• [Input data]:
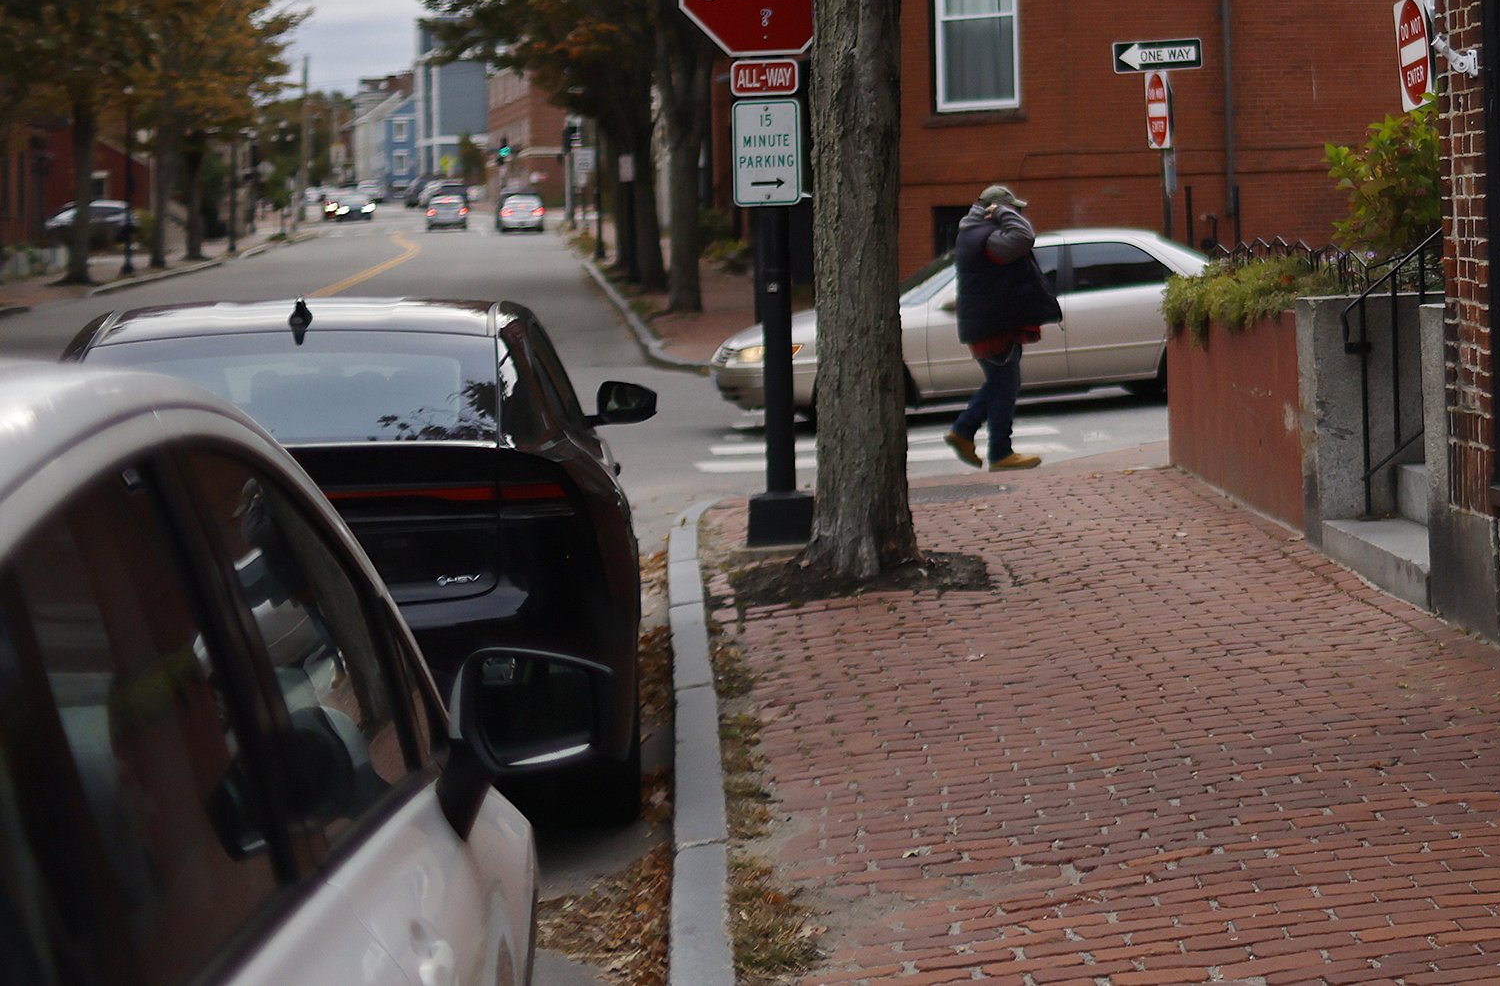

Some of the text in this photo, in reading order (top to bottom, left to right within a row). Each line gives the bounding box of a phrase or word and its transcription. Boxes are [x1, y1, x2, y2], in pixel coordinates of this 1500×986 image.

[1400, 15, 1421, 41] DO NOT
[1140, 48, 1191, 62] ONE WAY
[736, 67, 793, 88] ALL-WAY
[1406, 65, 1425, 87] ENTER
[760, 114, 773, 127] 15
[743, 134, 790, 148] MINUTE
[739, 155, 795, 169] PARKING
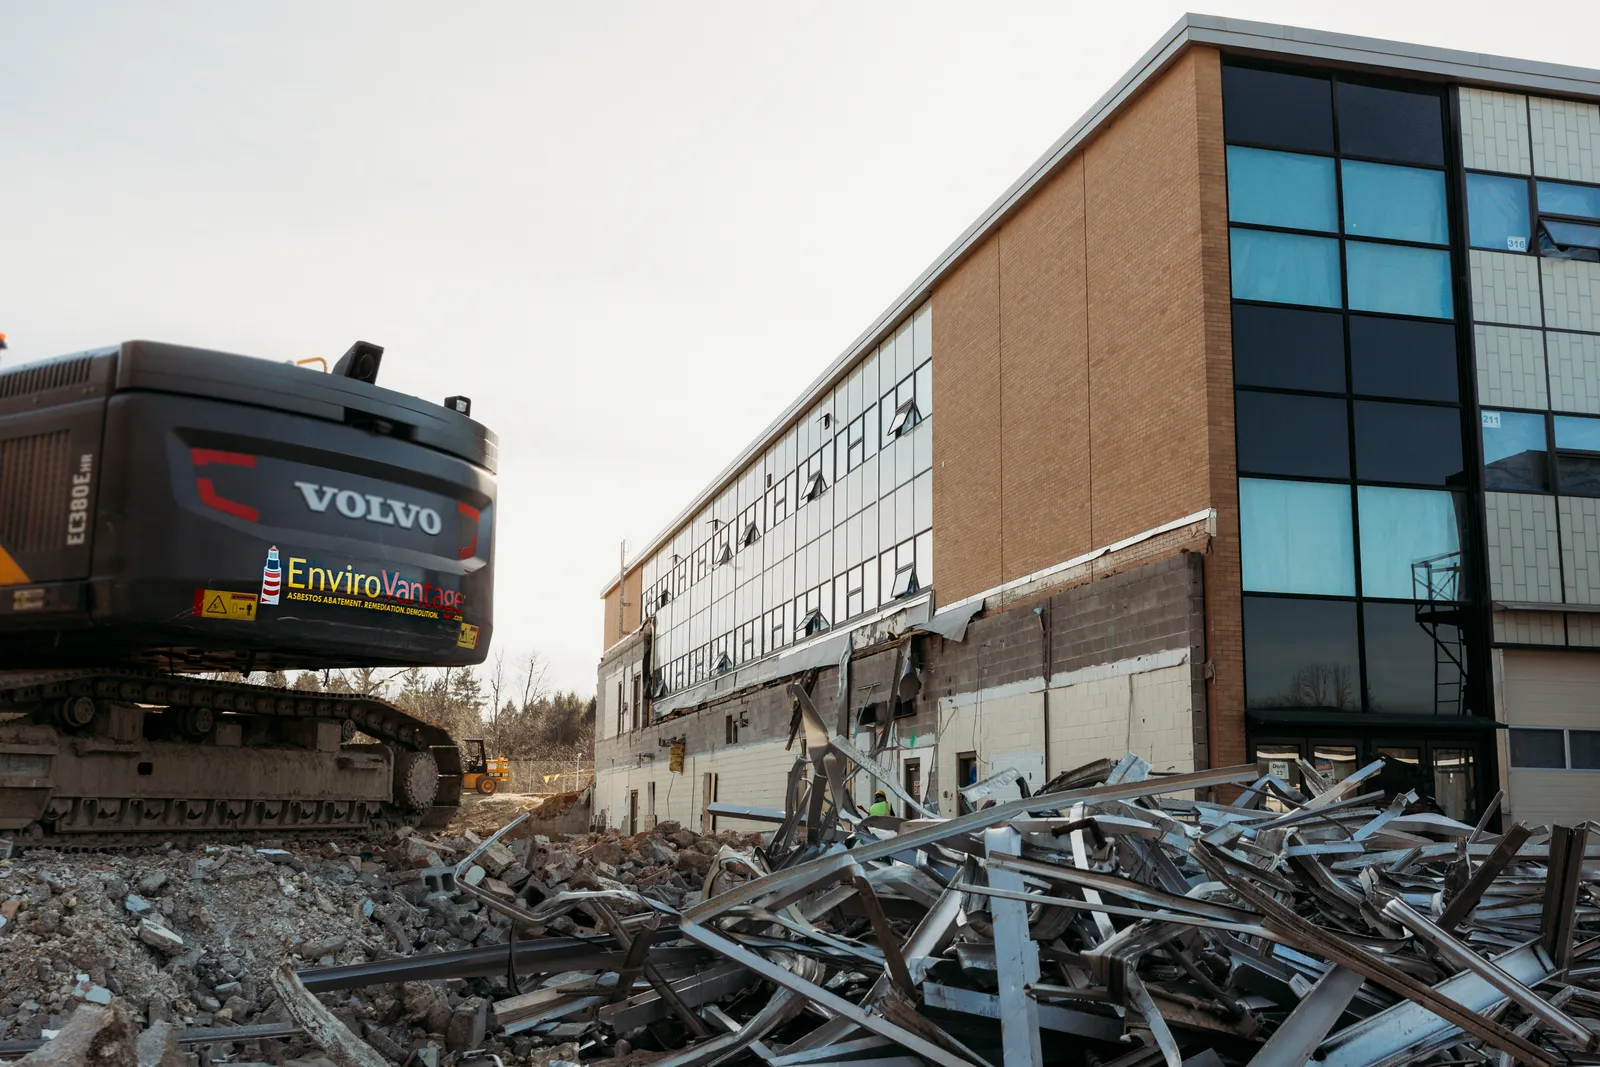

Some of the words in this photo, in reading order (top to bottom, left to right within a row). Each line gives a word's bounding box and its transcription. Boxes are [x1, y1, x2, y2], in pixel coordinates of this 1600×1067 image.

[1508, 239, 1525, 249] 316
[1483, 415, 1499, 424] 211
[294, 481, 442, 536] VOLVO
[287, 556, 465, 619] EnviroVantage
[287, 592, 322, 603] ASBESTOS
[323, 596, 363, 608] ABATEMENT.
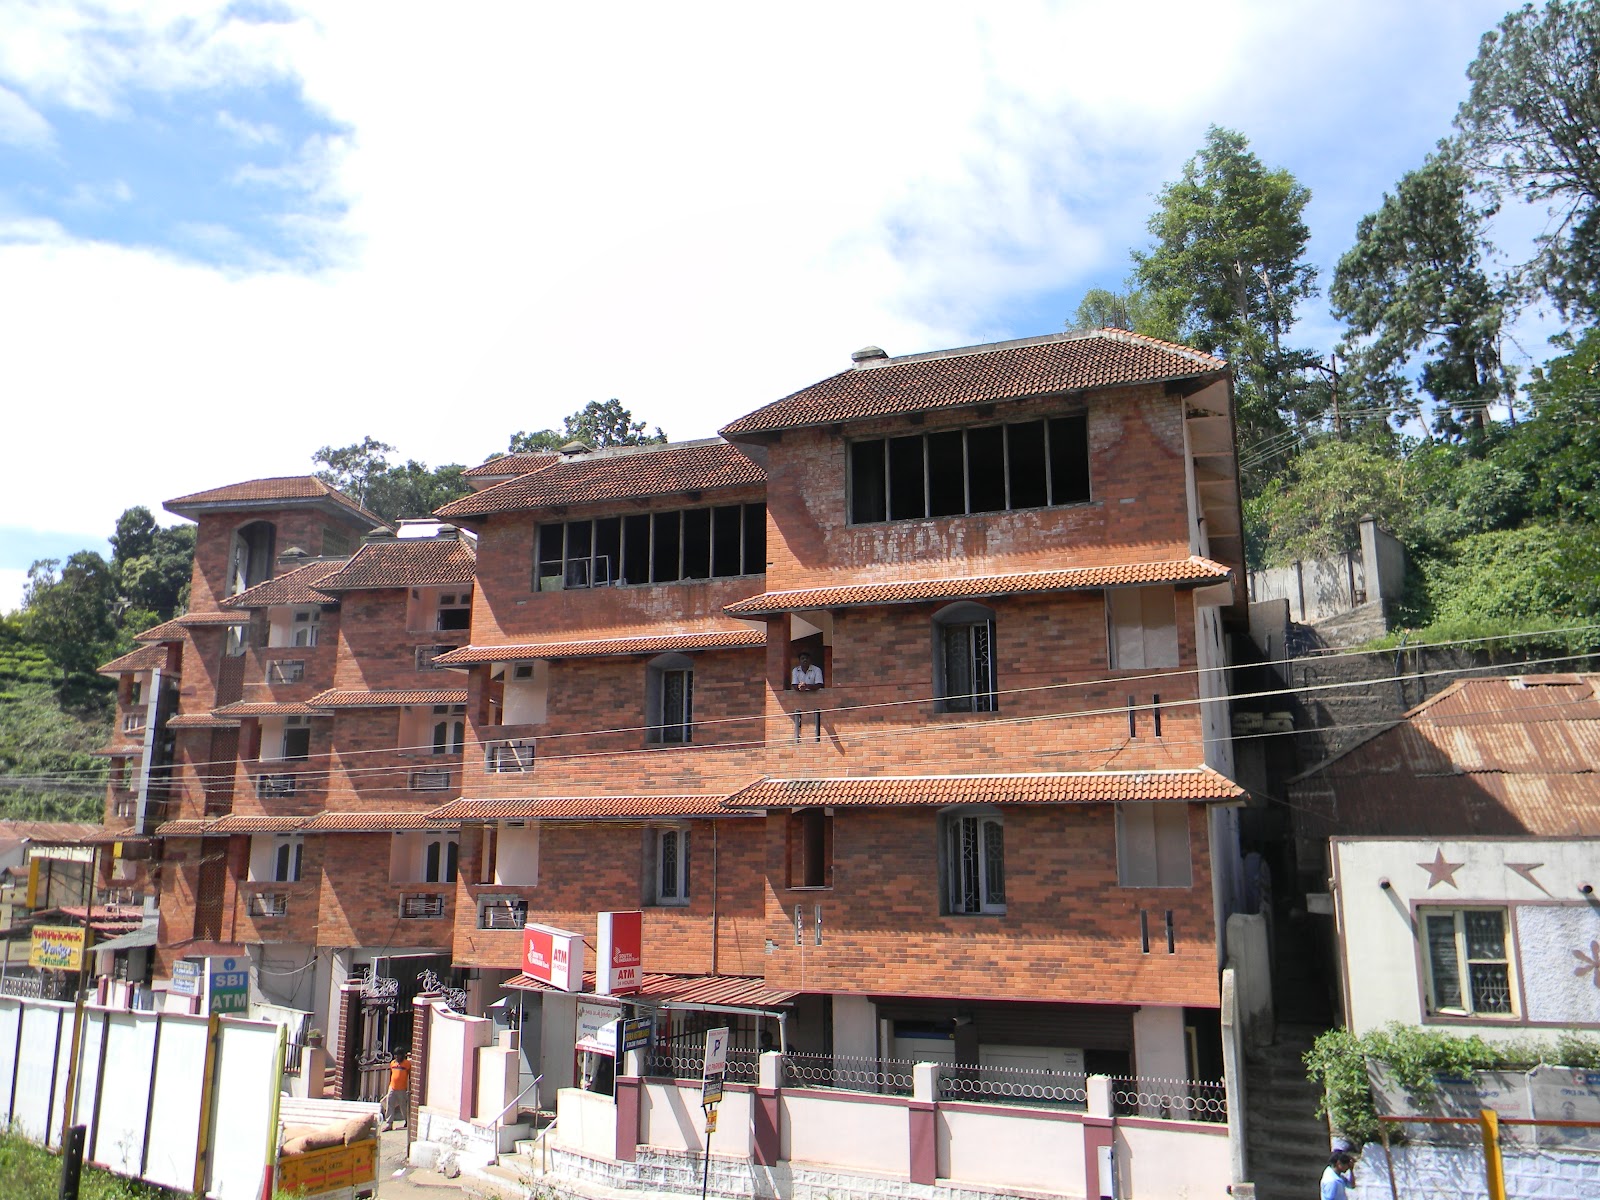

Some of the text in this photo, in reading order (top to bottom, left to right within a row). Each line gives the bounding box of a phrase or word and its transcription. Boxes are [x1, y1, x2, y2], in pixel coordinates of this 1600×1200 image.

• [Exercise]:
When copying the listing, skip the pictures and keep each line exactly as written.

• [Solved exercise]:
Some of the text in this photo, in reading order (top to bottom, left to right within a row). Each line gives the bounding box of a phrase or word and its transcription. Boxes are [x1, y1, x2, y2], in pixel coordinates of this 1500×986 image.

[1400, 15, 1421, 41] DO NOT
[1140, 48, 1191, 62] ONE WAY
[736, 67, 793, 88] ALL-WAY
[1406, 65, 1425, 87] ENTER
[760, 114, 773, 127] 15
[743, 134, 790, 148] MINUTE
[739, 155, 795, 169] PARKING

Some of the words in this photo, in reading order (top to bottom, left to right within a row). Each line gives a word's bounding box and its transcription. Boxes are [x1, y1, x2, y2], in pixel coordinates of this 1600×1067 image.

[1508, 239, 1525, 249] 316
[1483, 415, 1499, 424] 211
[294, 481, 442, 536] VOLVO
[287, 556, 465, 619] EnviroVantage
[287, 592, 322, 603] ASBESTOS
[323, 596, 363, 608] ABATEMENT.

Some of the text in this photo, in reading order (top to bottom, left to right within a row). Each line gives the bounding box of a phrase or word and its transcription. Boxes are [x1, y1, x2, y2], in pixel coordinates of this 1600×1200 image.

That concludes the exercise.